When Saturn’s moon Titan began to come under the purview of the Cassini probe, she was thrilled. The brief visions sent back from Huygens, in its first-and-only landing on Titan, had her dancing around the living room, shouting with glee. Why? Because it landed on a tidal mudflat, and Kage could recognize it. The wet, rocky shore where it set down looked exactly like the beach two blocks from our house. Mud, rocks, puddles, the sheen of moisture and the dull matte finish of puddles: a littoral landscape, 750 million miles from Pismo Beach.
Now that was the thrill of an alien world! It was real. It wasn’t fanciful, it wasn’t fantastic – but the fact that mud and rocks and tides could look the same on different worlds utterly charmed Kage. She understood completely that the rain was methane and the puddles contained ethanol, and oxygen was likely a handy metallic ice – those, she said, were just details. The miracle was that there was one best way to build a sea shore, and there it was: Real. Recognizable. A living world.

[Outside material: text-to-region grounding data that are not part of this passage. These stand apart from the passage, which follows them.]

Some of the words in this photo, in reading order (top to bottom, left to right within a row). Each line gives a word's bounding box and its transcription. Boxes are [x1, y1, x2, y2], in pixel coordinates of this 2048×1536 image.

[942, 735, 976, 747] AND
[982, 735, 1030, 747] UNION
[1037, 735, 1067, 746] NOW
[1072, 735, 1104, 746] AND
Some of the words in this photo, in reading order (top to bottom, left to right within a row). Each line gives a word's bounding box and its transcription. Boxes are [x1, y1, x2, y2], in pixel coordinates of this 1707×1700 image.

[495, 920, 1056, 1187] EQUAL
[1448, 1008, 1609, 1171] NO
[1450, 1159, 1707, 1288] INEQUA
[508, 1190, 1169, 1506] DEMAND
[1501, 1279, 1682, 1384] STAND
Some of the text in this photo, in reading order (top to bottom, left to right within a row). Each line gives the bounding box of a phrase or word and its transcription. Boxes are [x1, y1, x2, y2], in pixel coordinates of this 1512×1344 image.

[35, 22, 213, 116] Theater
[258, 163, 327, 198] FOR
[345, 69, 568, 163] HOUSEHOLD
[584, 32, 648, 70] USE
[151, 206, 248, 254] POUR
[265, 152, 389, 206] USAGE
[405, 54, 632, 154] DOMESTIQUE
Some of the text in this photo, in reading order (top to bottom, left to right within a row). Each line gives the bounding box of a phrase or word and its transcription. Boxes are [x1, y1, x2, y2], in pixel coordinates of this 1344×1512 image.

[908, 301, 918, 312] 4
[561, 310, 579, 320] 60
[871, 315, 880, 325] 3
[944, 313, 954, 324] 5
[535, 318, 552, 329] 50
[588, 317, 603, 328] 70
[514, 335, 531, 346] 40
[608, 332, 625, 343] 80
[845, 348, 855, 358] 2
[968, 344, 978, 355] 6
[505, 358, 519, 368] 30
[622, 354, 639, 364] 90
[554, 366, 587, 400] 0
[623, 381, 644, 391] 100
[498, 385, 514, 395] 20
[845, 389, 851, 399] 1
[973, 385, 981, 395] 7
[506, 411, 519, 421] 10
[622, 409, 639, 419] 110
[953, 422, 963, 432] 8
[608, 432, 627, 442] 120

The little bit of moving pictures that valiant Huygens managed to send back to Earth wasn’t much. But still photos, in a dozen exotic lights and wavelengths, have continued to be broadcast from Cassini as it loops over and over through Saturn’s satellite system. Now the details are beginning to yield to analysis, and the overall picture is coming clearer. See here: http://www.msnbc.msn.com/id/44861704/ns/technology_and_science-space
“Surprising Earth-like features” it says. What that means, is: Titan is shaped like Earth. It appears there is one best way to build a world, too – at least, one that has rocks and dirt and flowing liquids. There is one best way to make sure a river system drains its lakes properly, one best way for falling liquid and blowing gasses to erode cliffs. There is one best way for ripples to form on a soft bed of mud, and it’s just as pretty when the wavelets are CH4 as when they are H2O.
Kage knew that was an alien beach the moment she saw it. She’d be dancing her triumph dance again, now, if she could see this.
C’mere, Harry. Time to dance!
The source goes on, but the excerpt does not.